Mamoru Hosoda, intervista a vulture.com

La dichiarazione di Hosoda non necessita di ulteriori spiegazioni, è auto-esplicativa. Il Web è popolato da persone che non dubitano di se stesse, che pensano di aver sempre ragione, che si autoproclamano paladini della verità e della giustizia. Ma cos’è che dona loro tutta questa sicurezza e altezzosità? L’anonimato.

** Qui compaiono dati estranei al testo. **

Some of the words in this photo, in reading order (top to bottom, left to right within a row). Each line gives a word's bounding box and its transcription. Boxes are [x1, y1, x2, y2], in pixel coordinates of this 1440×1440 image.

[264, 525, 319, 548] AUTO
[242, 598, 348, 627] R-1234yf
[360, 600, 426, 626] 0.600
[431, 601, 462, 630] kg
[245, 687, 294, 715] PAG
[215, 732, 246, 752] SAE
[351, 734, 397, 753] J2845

La possibilità di avere un avatar virtuale con il quale poter essere, o meglio, far credere agli altri di essere chi non si è o chi si vuole essere.
Continuando a fare riferimenti al romanzo di F. Baum, le persone su Internet utilizzano la propria identità virtuale come il Mago di Oz, vale a dire un cialtrone che governa la Città di Smeraldo ingannando i suoi abitanti. Oltre all’episodio degli occhiali verdi già citato nel precedente paragrafo, forse risulta maggiormente emblematico quello in cui il Mago di Oz riceve nel suo palazzo Dorothy e i suoi compagni di viaggio e appare loro con forme differenti (una testa, una donna, un mostro e una palla infuocata) in modo così da mantenere l’anonimato e soprattutto facendo credere loro di essere un potentissimo mago originario del mondo di OZ, e non un semplice ventriloquo proveniente dal Nebraska.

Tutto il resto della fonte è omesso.